Law360, New York (October 14, 2016, 1:32 PM EDT) — Two years ago, in Michigan v. Bay Mills Indian Community, the U.S. Supreme Court roundly affirmed the doctrine of tribal sovereign immunity, but did so grudgingly. The court warned against tribes abusing their sovereign status, especially in commercial ventures. The lower courts now are addressing tribal immunity in contexts as diverse as tribal sovereign lending and eminent domain exercised by utility companies. Pending before the Tenth Circuit is Public Service Company of New Mexico v. Barboan, where a utility is attempting to exercise the power of eminent domain over lands owned by an Indian tribe. And, this Term, the Supreme Court in Lewis v. Clarke will determine the scope of immunity for tribal employees. The outcomes in these cases, potentially circumventing tribal immunity, may expose tribal governments to extensive liability, reduced commercial opportunities, and worsened environments.

The federal government has authority to abrogate tribal immunity but the judiciary imposes a clear statement rule on statutes purported to waive immunity. As the Supreme Court stated in Bay Mills, Congressional intent to abrogate tribal immunity must be unequivocal. In Barboan, the utility is relying on 25 U.S.C. § 357 for statutory authority to condemn Indian lands. The statute does authorize the condemnation of Indian lands, with compensation to “allottee[s].” The Tenth Circuit may decide whether that statute is a clear statement of intent to authorize the condemnation of lands owned by allottees that are Indian tribes otherwise cloaked with immunity. If the court holds § 357 abrogates tribal immunity, then tribal efforts to stop or slow pipeline projects like the Dakota Access Pipeline could be compromised. Lower courts likely will conceive of this case as within the call of the question in Bay Mills and uphold the tribal defense here. But as always, the Supreme Court looms.

That the Supreme Court is very interested in the contours of tribal immunity is confirmed by the consistency with which the court has granted certiorari in those cases. Coming a mere two years after Bay Mills, the Court will hear another immunity matter arising from tribal commercial activities. In Lewis, the Court will decide whether tort and contract claimants can access tribal assets under a theory that tribal employees could be liable in tort if sued in their individual capacities, placing tribes in an unenviable position requiring them to indemnify money damage claims against employees.

Because Indian tribes usually have no tax base, the federal government long has encouraged tribes to utilize their sovereign status in commercial ventures to generate government revenue.
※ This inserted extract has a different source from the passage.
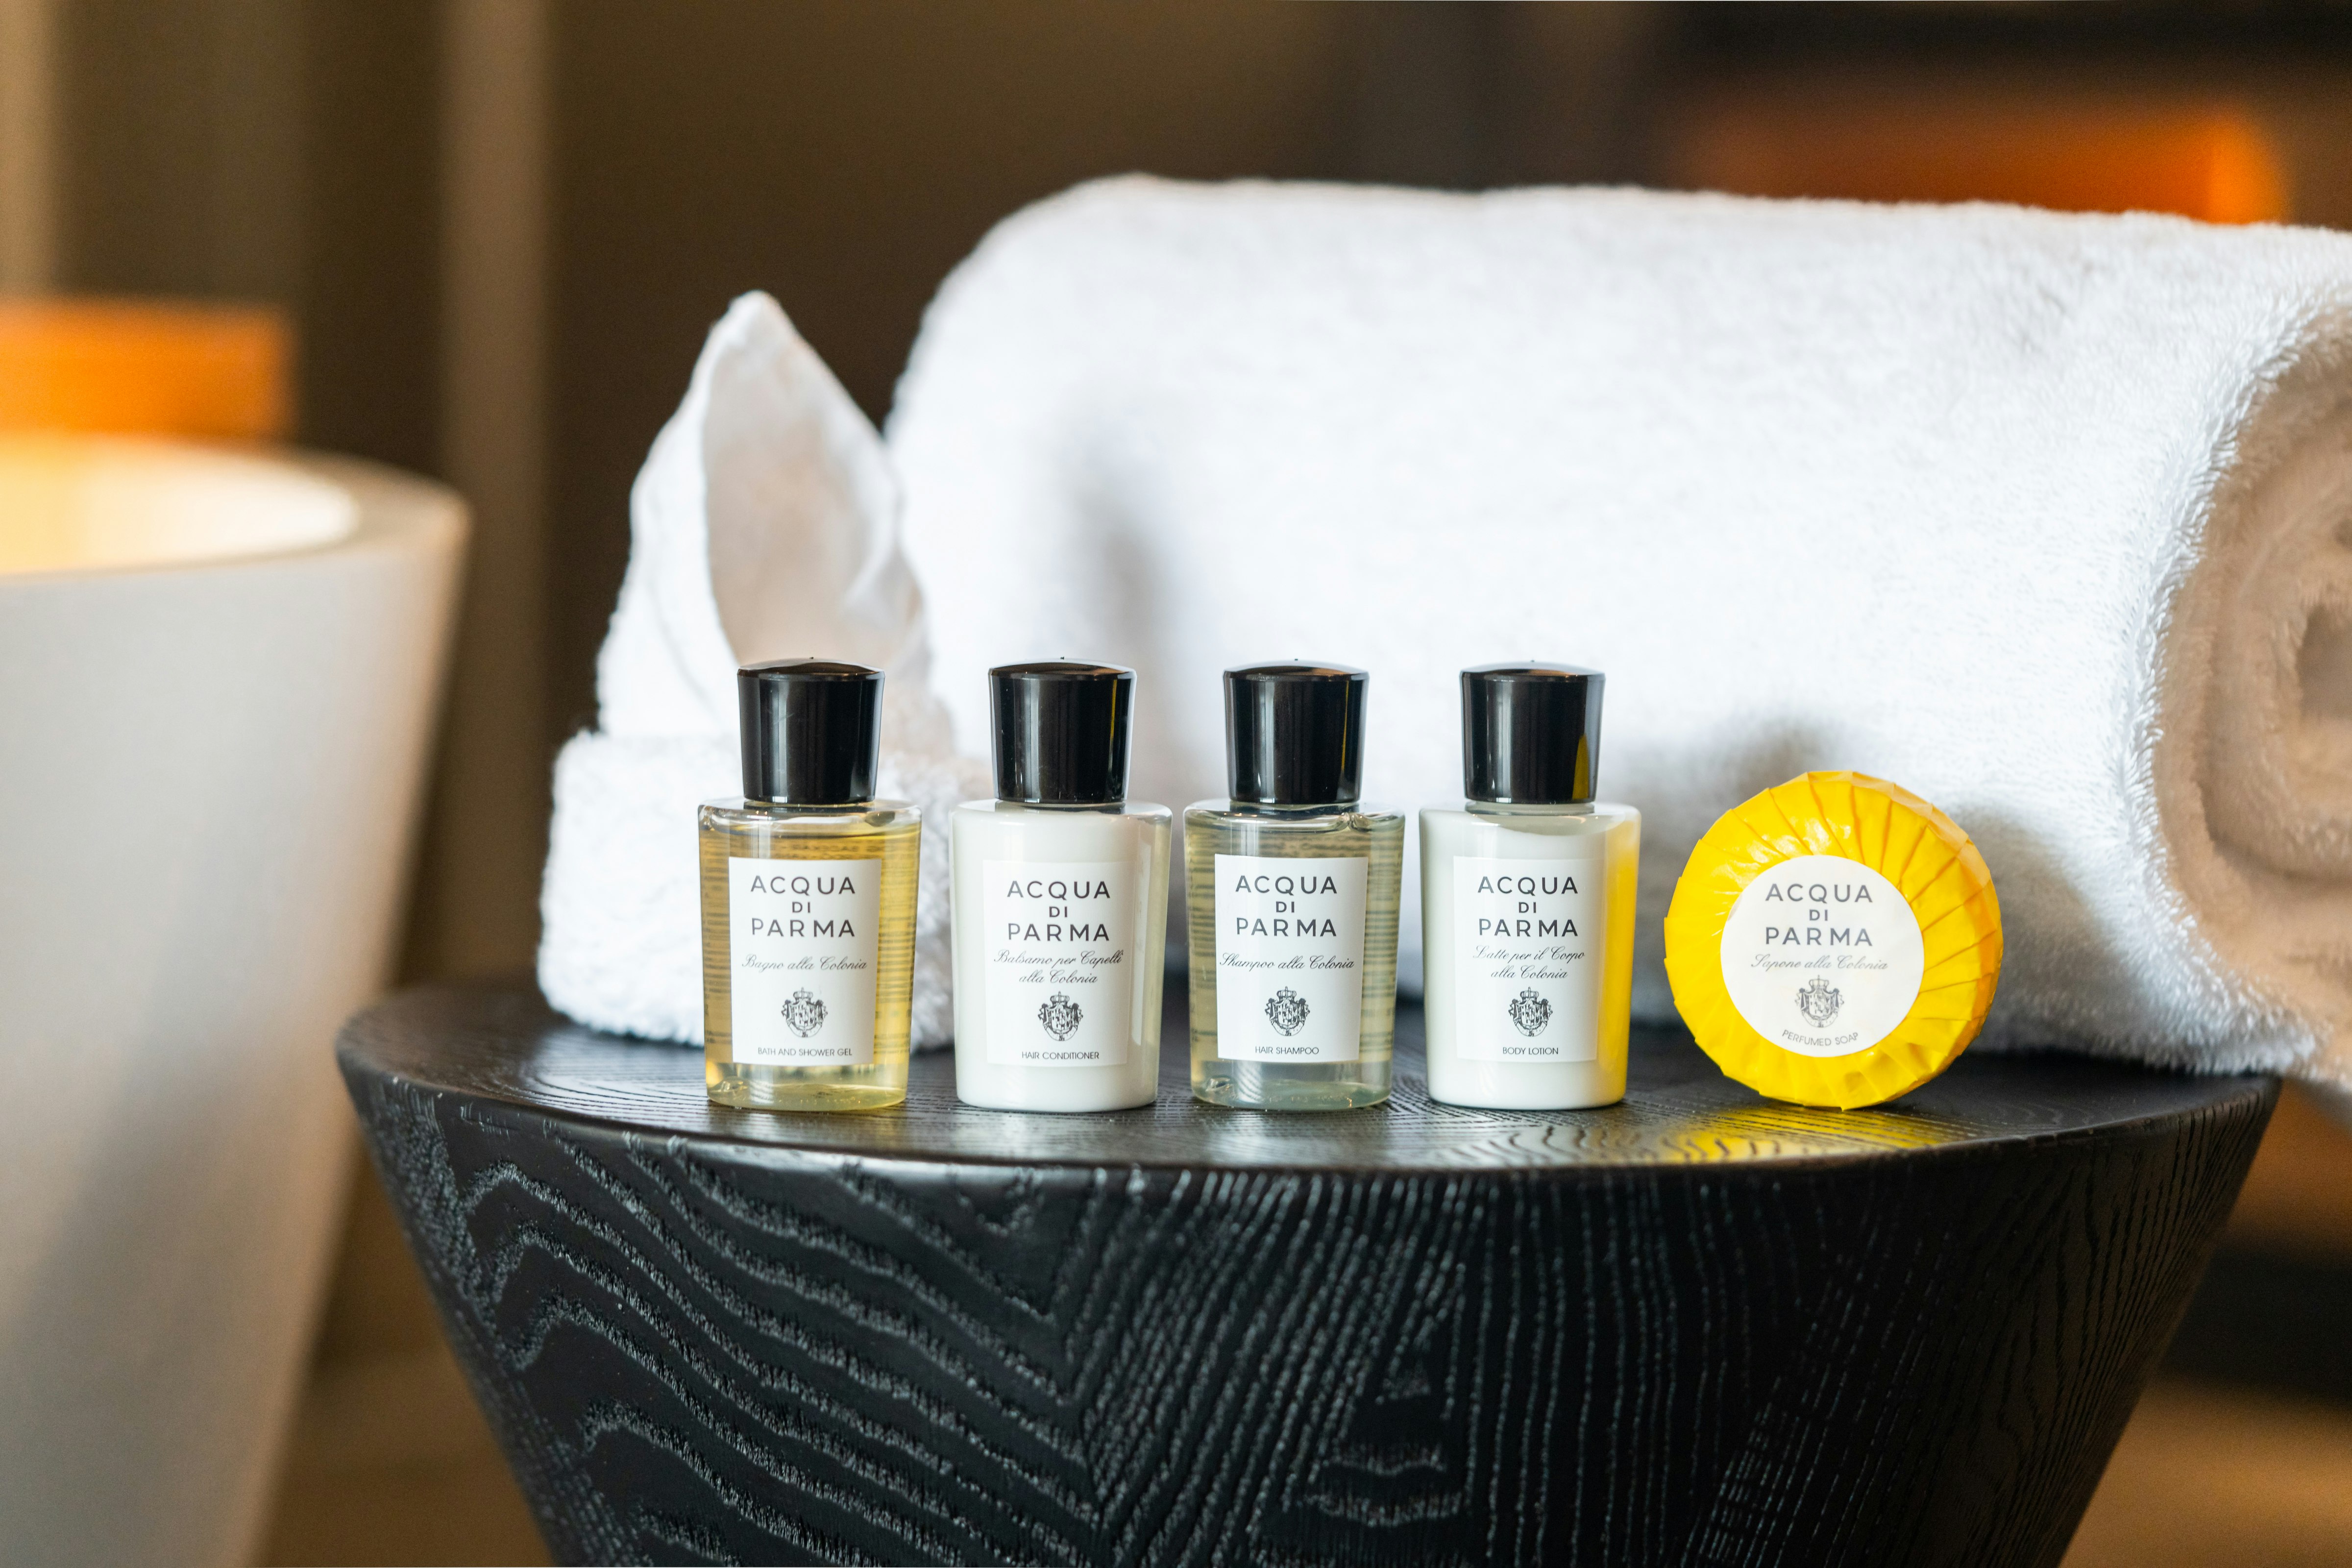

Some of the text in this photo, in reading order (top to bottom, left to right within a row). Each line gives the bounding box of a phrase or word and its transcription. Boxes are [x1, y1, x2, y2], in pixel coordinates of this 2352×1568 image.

In line with federal Indian policy, tribes have established gaming operations, asserted control over reservation natural resources, and established online commercial enterprises. Meanwhile, tribes established justice systems to address tort and contract claims arising from tribal enterprise. Tribal statutes established limited waivers of tribal immunity tailored to tribal courts analogous to the Federal Tort Claims Act and the federal Contract Disputes Act. Tribes have settled or litigated untold thousands of claims under these tribal laws since the 1990s.

Still, tribes find themselves hailed into state and federal courts to defend tort and contract claims for money damages. Nearly all of these claims are dismissed for lack of jurisdiction, either because of state or federal court subject matter jurisdiction or sovereign immunity. The tougher cases are those that arise off-reservation. The Supreme Court has held more than once that tribes retain immunity in federal and state courts even when engaged in off-reservation commercial ventures. Tort victims complain that tribal limitations periods are too short, that tribal damages caps are too low, and that tribal courts are unfamiliar and perhaps even biased forums. Worse, some consumers of tribal sovereign lending products allege that tribal dispute resolution forums are wholly inadequate or even shams.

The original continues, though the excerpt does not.